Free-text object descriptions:
________________

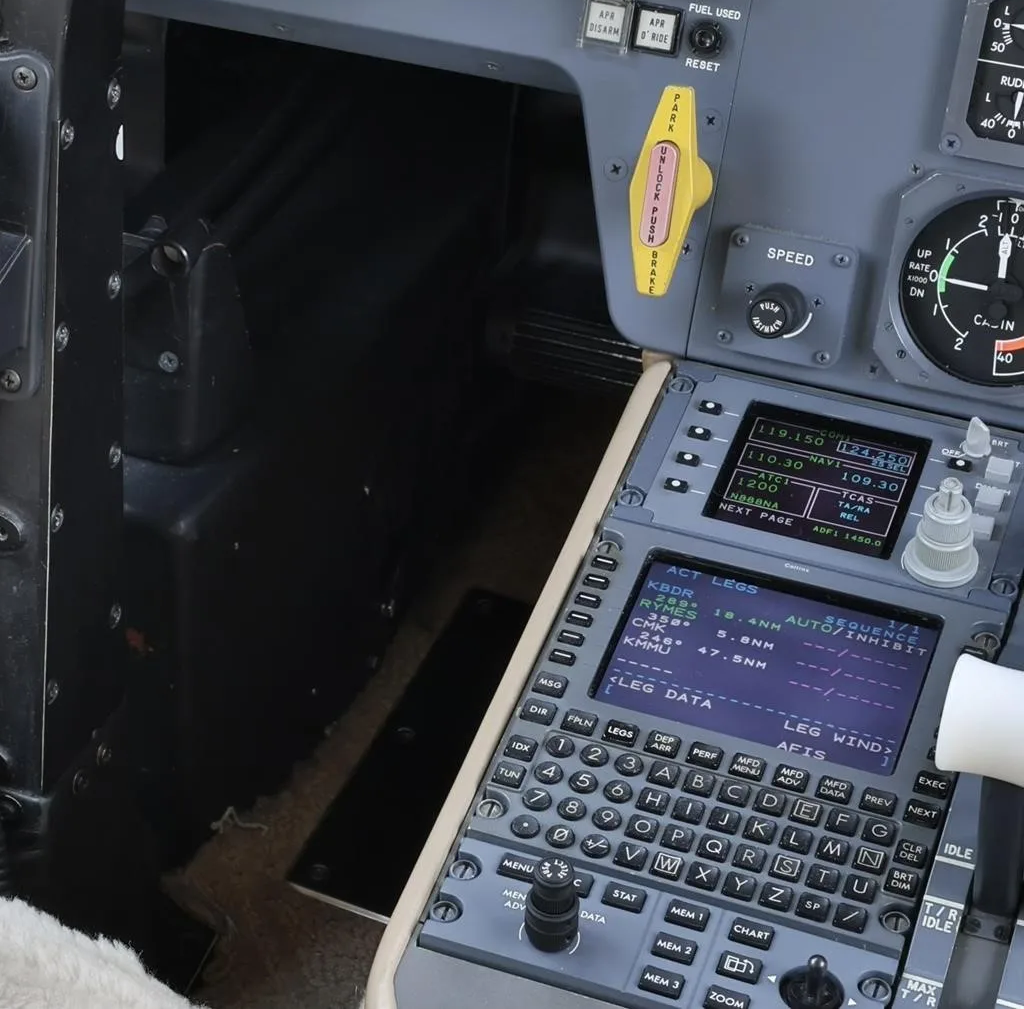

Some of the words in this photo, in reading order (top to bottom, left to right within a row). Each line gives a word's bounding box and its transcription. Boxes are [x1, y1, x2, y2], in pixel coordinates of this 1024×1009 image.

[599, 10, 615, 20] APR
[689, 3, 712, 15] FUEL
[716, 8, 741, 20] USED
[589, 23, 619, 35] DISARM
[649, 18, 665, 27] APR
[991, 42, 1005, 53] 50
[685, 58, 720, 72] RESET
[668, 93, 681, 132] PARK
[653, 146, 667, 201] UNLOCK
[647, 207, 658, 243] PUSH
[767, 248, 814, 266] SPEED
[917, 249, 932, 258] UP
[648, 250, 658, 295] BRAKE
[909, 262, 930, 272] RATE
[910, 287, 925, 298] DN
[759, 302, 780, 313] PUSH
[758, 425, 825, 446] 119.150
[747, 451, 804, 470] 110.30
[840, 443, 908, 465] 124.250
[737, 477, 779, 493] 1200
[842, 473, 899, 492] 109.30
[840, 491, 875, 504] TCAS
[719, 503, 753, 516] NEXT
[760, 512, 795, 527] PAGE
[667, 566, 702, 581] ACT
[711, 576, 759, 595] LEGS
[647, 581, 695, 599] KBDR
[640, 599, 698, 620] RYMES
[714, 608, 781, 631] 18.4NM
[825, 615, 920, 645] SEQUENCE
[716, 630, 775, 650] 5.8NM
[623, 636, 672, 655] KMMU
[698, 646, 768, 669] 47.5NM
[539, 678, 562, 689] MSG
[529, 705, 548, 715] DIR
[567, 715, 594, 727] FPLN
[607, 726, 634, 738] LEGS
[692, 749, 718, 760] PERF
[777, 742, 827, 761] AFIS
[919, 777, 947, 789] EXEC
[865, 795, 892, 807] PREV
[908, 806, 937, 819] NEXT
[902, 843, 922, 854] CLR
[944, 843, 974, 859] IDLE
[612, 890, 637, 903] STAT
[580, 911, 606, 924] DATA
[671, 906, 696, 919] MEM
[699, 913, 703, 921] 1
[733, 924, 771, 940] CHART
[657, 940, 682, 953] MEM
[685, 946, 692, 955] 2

________________

Your objective: Set apart and copy each line of the records that holds the word "PUSH".

Solution below:
[647, 207, 658, 243] PUSH
[759, 302, 780, 313] PUSH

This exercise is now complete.